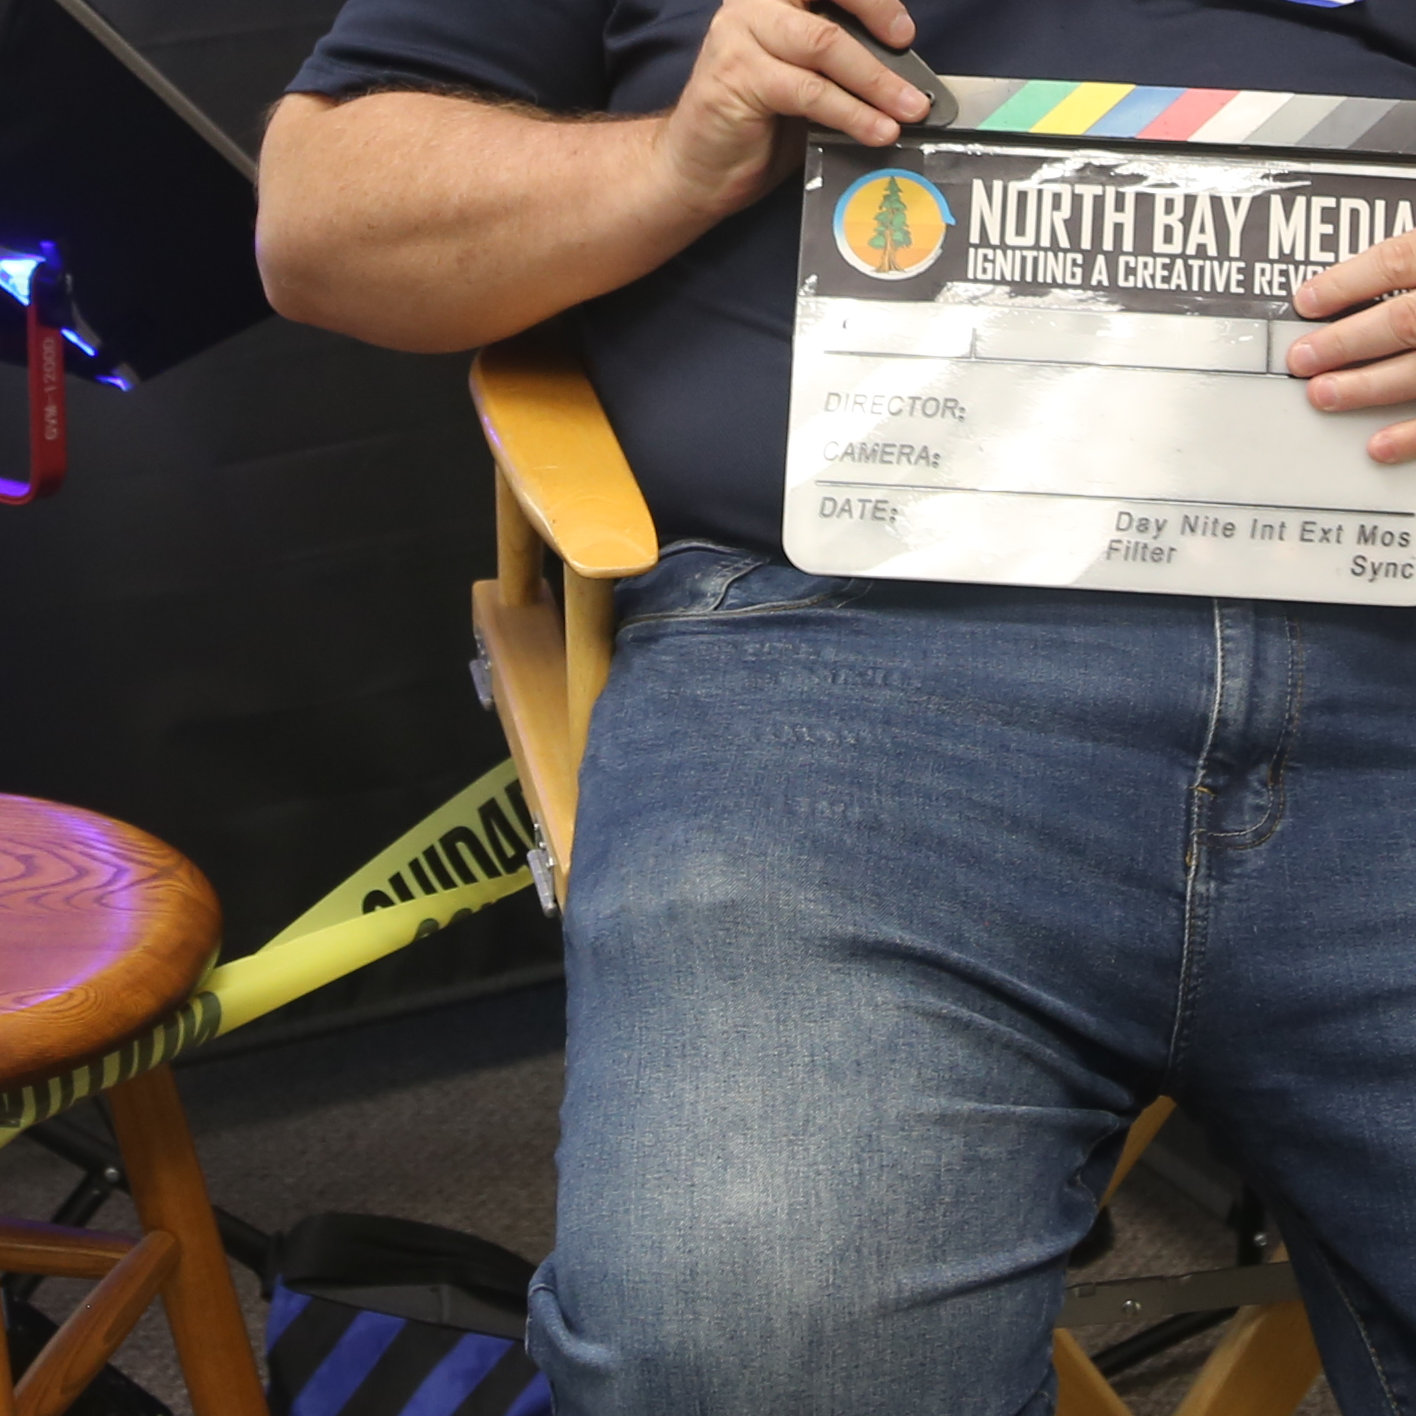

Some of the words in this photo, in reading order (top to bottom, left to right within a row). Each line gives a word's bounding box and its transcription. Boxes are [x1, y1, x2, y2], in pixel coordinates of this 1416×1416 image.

[968, 178, 1134, 252] NORTH
[1153, 190, 1254, 258] BAY
[966, 247, 1084, 285] IGNITING
[1090, 253, 1110, 287] A
[1117, 255, 1246, 294] CREATIVE
[823, 391, 967, 422] DIRECTOR:
[823, 441, 942, 469] CAMERA:
[819, 495, 899, 523] DATE:
[1115, 510, 1168, 541] Day
[1180, 513, 1236, 539] Nite
[1249, 517, 1287, 542] Int
[1299, 520, 1344, 545] Ext
[1356, 524, 1412, 548] Mos
[1105, 538, 1177, 564] Filter
[1350, 554, 1415, 583] Sync
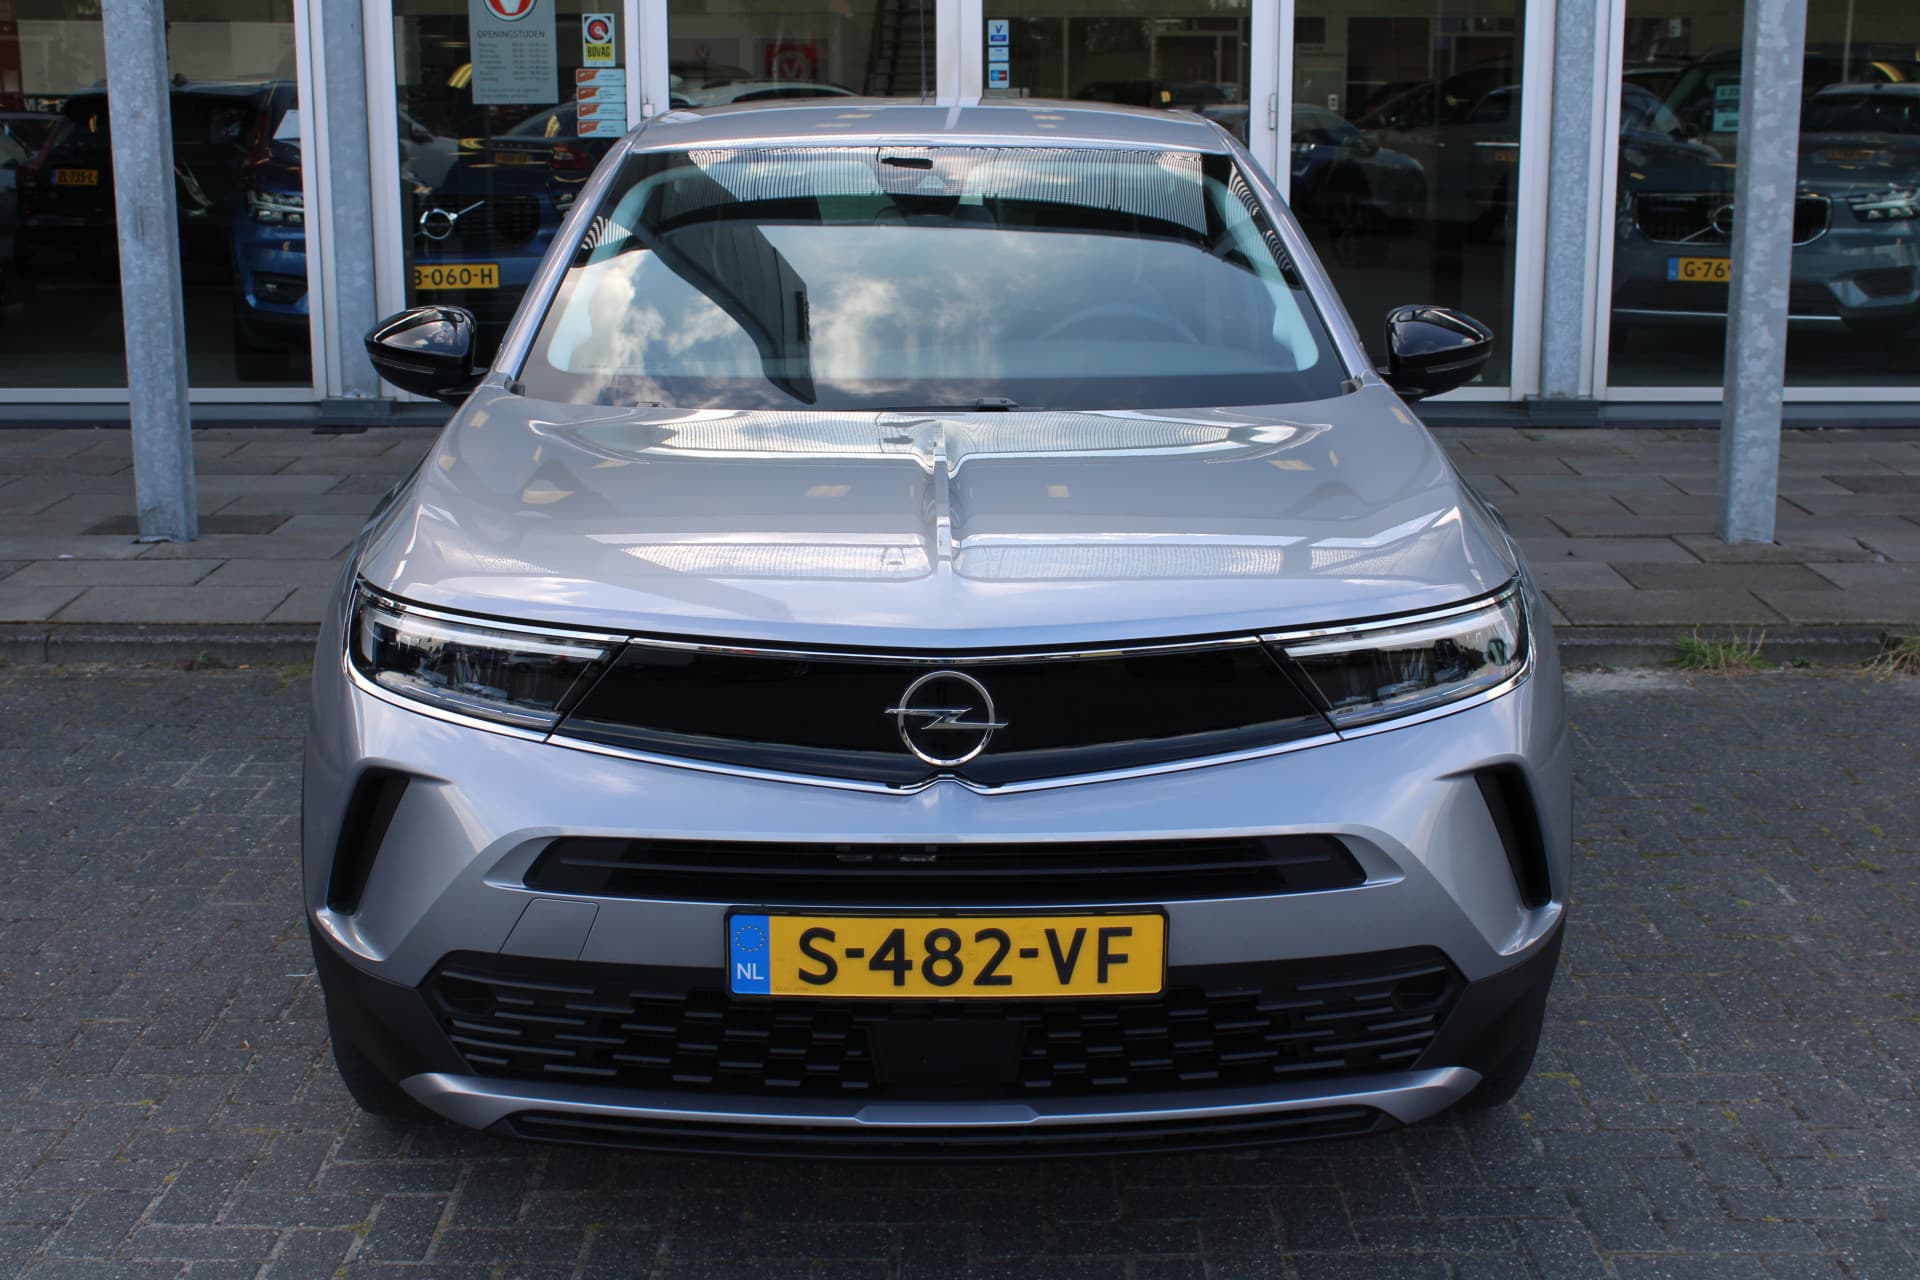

+ + + + + + +

What is needed: Leaving aside the images, write out every entry above exactly.

Answer section:
Some of the words in this photo, in reading order (top to bottom, left to right within a row). Each line gives a word's bounding box and its transcription. Boxes are [x1, y1, x2, y2], in pixel coordinates of this 1416×1416 image.

[968, 178, 1134, 252] NORTH
[1153, 190, 1254, 258] BAY
[966, 247, 1084, 285] IGNITING
[1090, 253, 1110, 287] A
[1117, 255, 1246, 294] CREATIVE
[823, 391, 967, 422] DIRECTOR:
[823, 441, 942, 469] CAMERA:
[819, 495, 899, 523] DATE:
[1115, 510, 1168, 541] Day
[1180, 513, 1236, 539] Nite
[1249, 517, 1287, 542] Int
[1299, 520, 1344, 545] Ext
[1356, 524, 1412, 548] Mos
[1105, 538, 1177, 564] Filter
[1350, 554, 1415, 583] Sync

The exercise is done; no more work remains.